Adelinaa est née à Almaty, ville du Kazakhstan, dans une famille d’artistes. Après des études dans une école de dessins à Alématy, elle déménage à Saint-Pétersbourg pour continuer ses études dans un lycée des Beaux-Arts. Ses études terminées, elle entreprend ensuite un long voyage à travers l’Europe. A Paris, elle rencontre Wozniak qui la présente aux membres du collectif Scorbut où elle va être acceptée avec Cabu, Kerleroux et Cardon. En septembre 2017, elle commence sa collaboration avec le Canard Enchaîné. Véritable touche à tout, elle peint, crée des affiches cinématographiques et s’essaye avec succès au stylisme.

 

 

Jean-Marie Kerleroux, dessinateur de presse et journaliste, est né à Besançon en février 1936. C’est en 1965 qu’il publie son premier dessin dans Arts & Spectacles. Il publiera ensuite dans divers journaux et revues comme Constellation, Plexus, Pilote, Politique Hebdo, Le fou Parle, Libération, Le Matin, Le Monde, ou encore Le Gri-Gri International… C’est en 1971 qu’il entre au Canard Enchaîné avec qui il collabore toujours. Il est l’auteur de plusieurs ouvrages et d’expositions en France et à l’étranger.

 

 

Jacek Wozniak est né à Cracovie le 9 octobre 1954 dans le milieu de la presse et de l’art. Après son bac, il suit les cours des Beaux-Arts de Cracovie. Premières expositions à Cracovie et à Buffalo aux USA. En 1980, il participe activement à l’élaboration de bulletins de presse de « Solidarnosc ». Ses idées et ses actions dérangent. Il est arrêté en décembre 1981 lors de l’état de siège. Libéré 3 mois plus tard contre promesse de quitter définitivement le pays, il débarque à Paris en 1982 et commence à collaborer avec la presse française. Au Canard Enchaîné depuis 1986, il expose et publie de nombreux recueils de dessins, et travaille en parallèle avec de nombreux artistes comme Manu Chao ou Archie Shepp.

 

 

Patrice Zeltner. Diplômé de l’École Cantonale d’Art du Valais et de l’École Romande des Arts Graphiques de Lausanne, il suit plusieurs carrières comme graphiste, illustrateur et enseignant au CO de Vouvry et à l’EPAC (première école de bande dessinée de Suisse). Au début de sa carrière, il a pu travailler comme caricaturiste pour différents journaux de Suisse romande (entre autres L’Hebdo, Le Semeur, Saturne). En BD, il réalise la série Nasreddine conçue en collaboration avec Khaldoun Dia-Eddine. A repris, en 2015, au lendemain des attentats de Paris, le dessin de presse pour le blog l’1Dex.ch.

 

 

François Maret, né sans ironie en 1961. Le crayon soudé à sa main, il cumule avec boulimie plusieurs métiers, baguenaudant toujours dans le monde de l’art et du dessin : enseignant en arts visuels au Lycée Collège de La Planta à Sion, dessinateur de presse ronchon et caustique, illustrateur droitier et informatisé, secondé par son personnage fétiche le Man in Black empereur de la mauvaise foi. Ses passions remplissent un bout de sa vie et la totalité de son atelier au fond du jardin. François saupoudre son parcours de quelques BD humoristiques, de recueils de crobards d’actualité, de projets graphiques envahissants et du plaisir de partager ses passions : le dessin et l’humour.

 

L’ASSOCIATION

 

L’association Scorbut a été créée en 1998 par Cabu, Kerleroux et Wozniak, dessinateurs au Canard Enchaîné.

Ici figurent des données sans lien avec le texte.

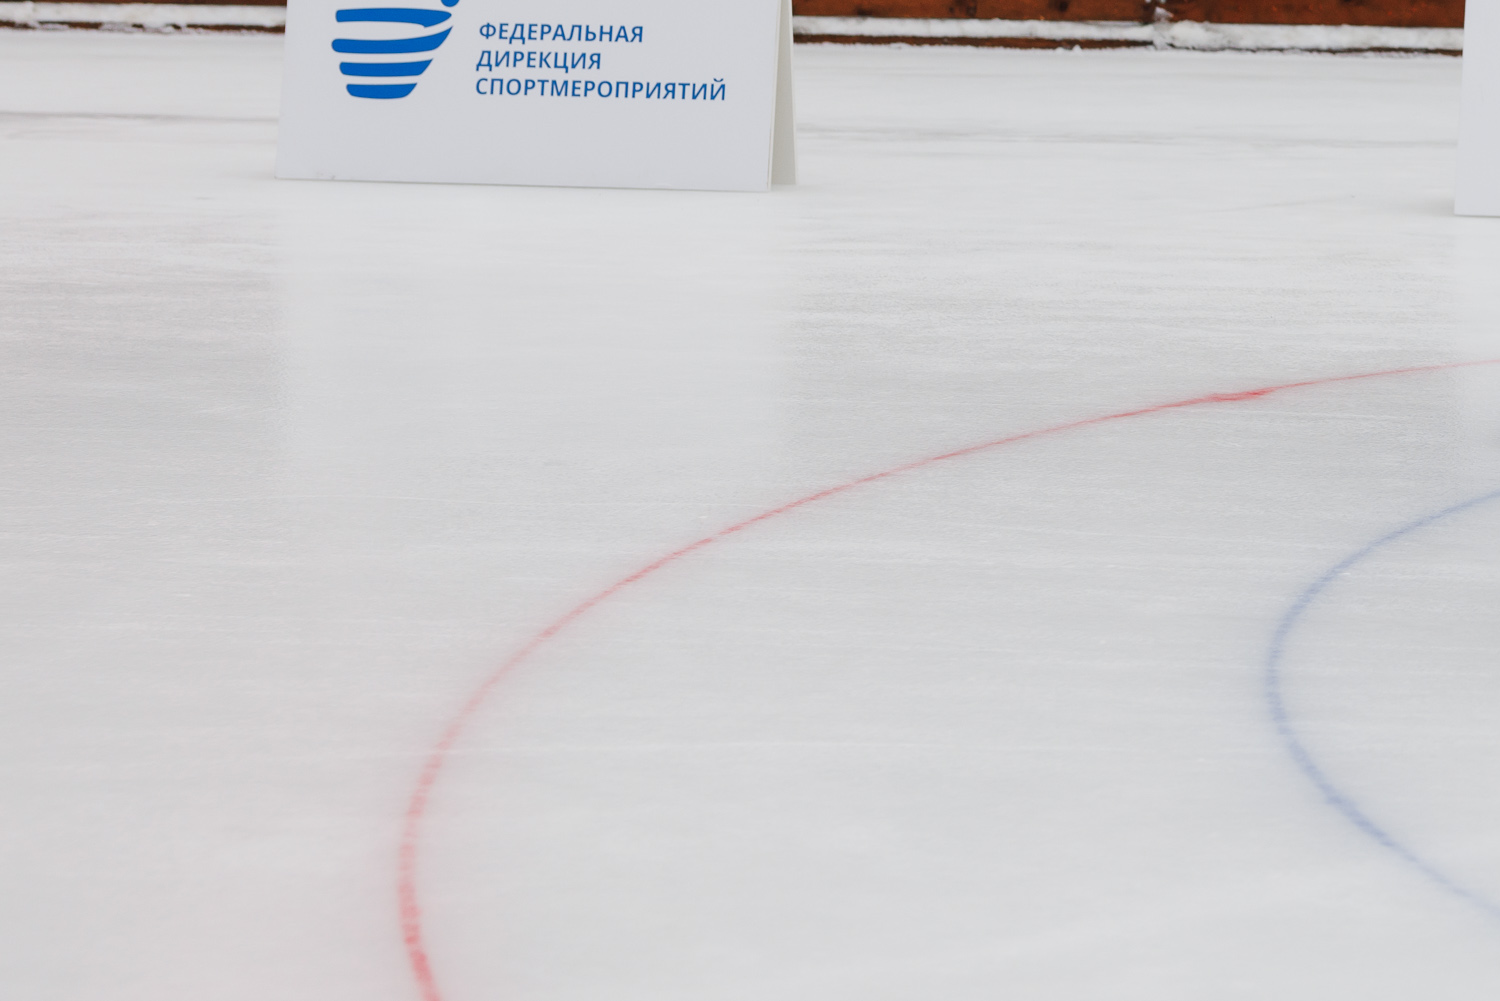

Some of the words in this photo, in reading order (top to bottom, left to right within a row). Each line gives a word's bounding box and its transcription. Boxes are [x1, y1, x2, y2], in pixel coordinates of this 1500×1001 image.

[479, 22, 644, 45] ФЕДЕРАЛЬНАЯ
[476, 50, 602, 73] ДИРЕКЦИЯ
[475, 78, 727, 101] СПОРТМЕРОПРИЯТИЙ
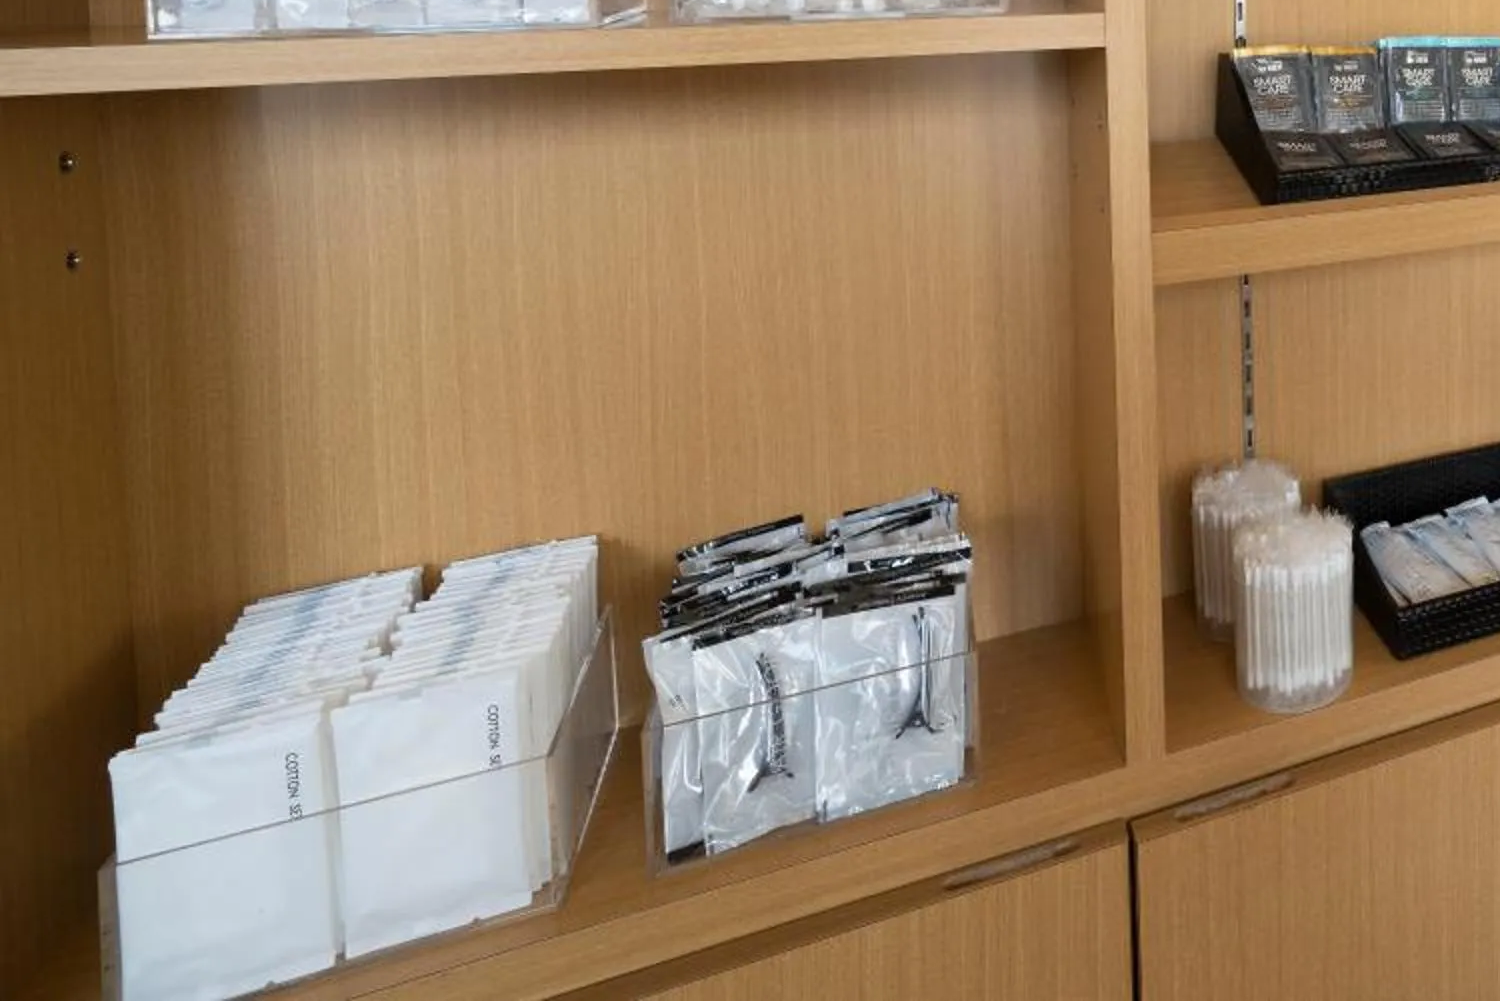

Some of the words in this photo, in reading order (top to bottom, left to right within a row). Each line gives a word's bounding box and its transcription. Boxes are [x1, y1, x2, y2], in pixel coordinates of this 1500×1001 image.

[1253, 75, 1292, 87] SMART
[487, 704, 500, 749] COTTON
[285, 752, 300, 799] COTTON
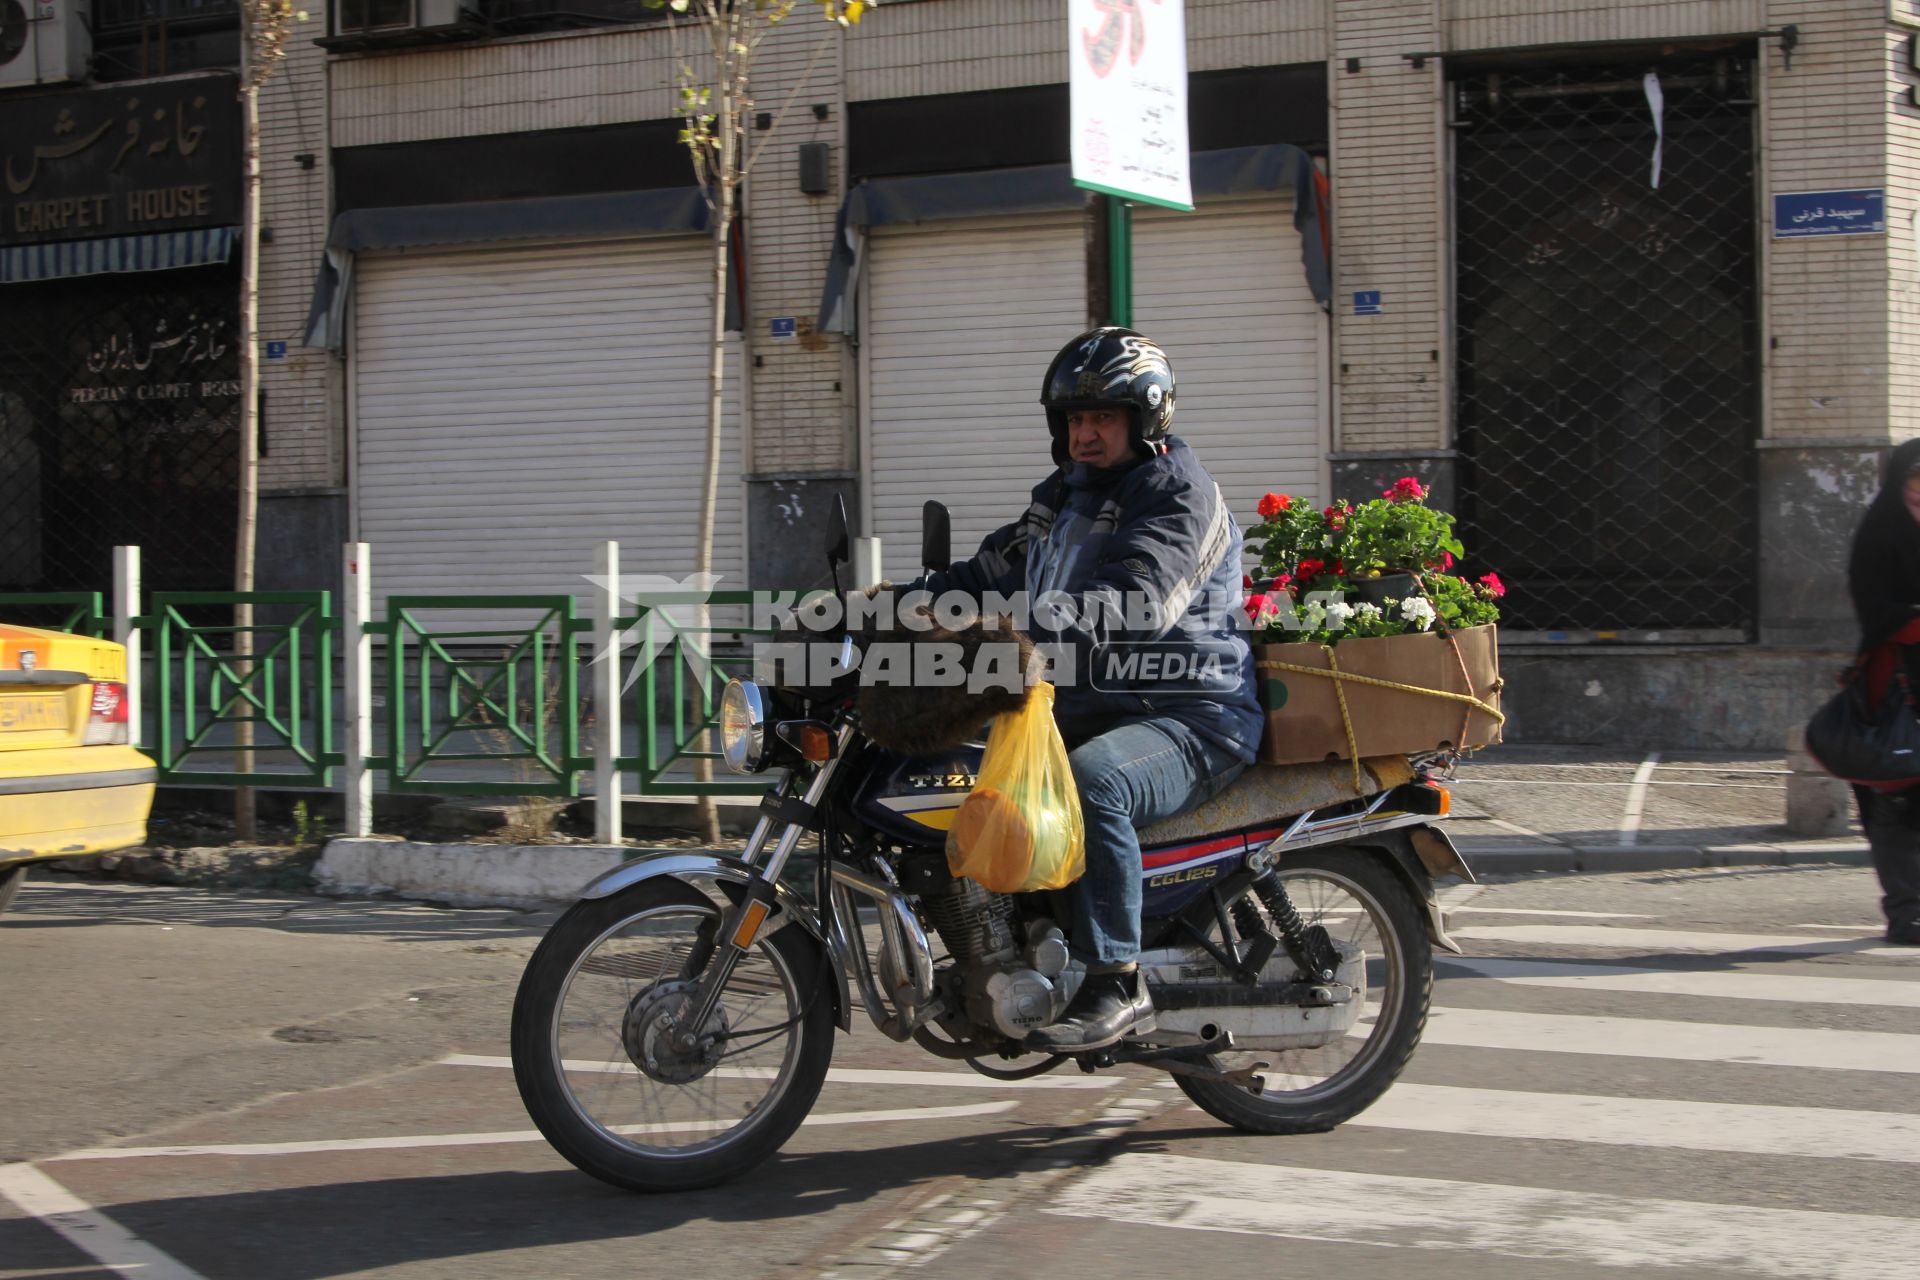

C’est un collectif d’artistes renommés œuvrant dans une multitude de domaines: dessins, caricatures, peinture, musique, sculpture ou encore l’élaboration de vitraux.

L’association est très active et multiplie ses projets en organisant des expositions, du street-art, des concerts etc..

L’attentat contre Charlie Hebdo et la mort de Cabu n’entravent en rien la volonté de Scorbut de perdurer et de promouvoir le dessin de presse et la liberté d’expression.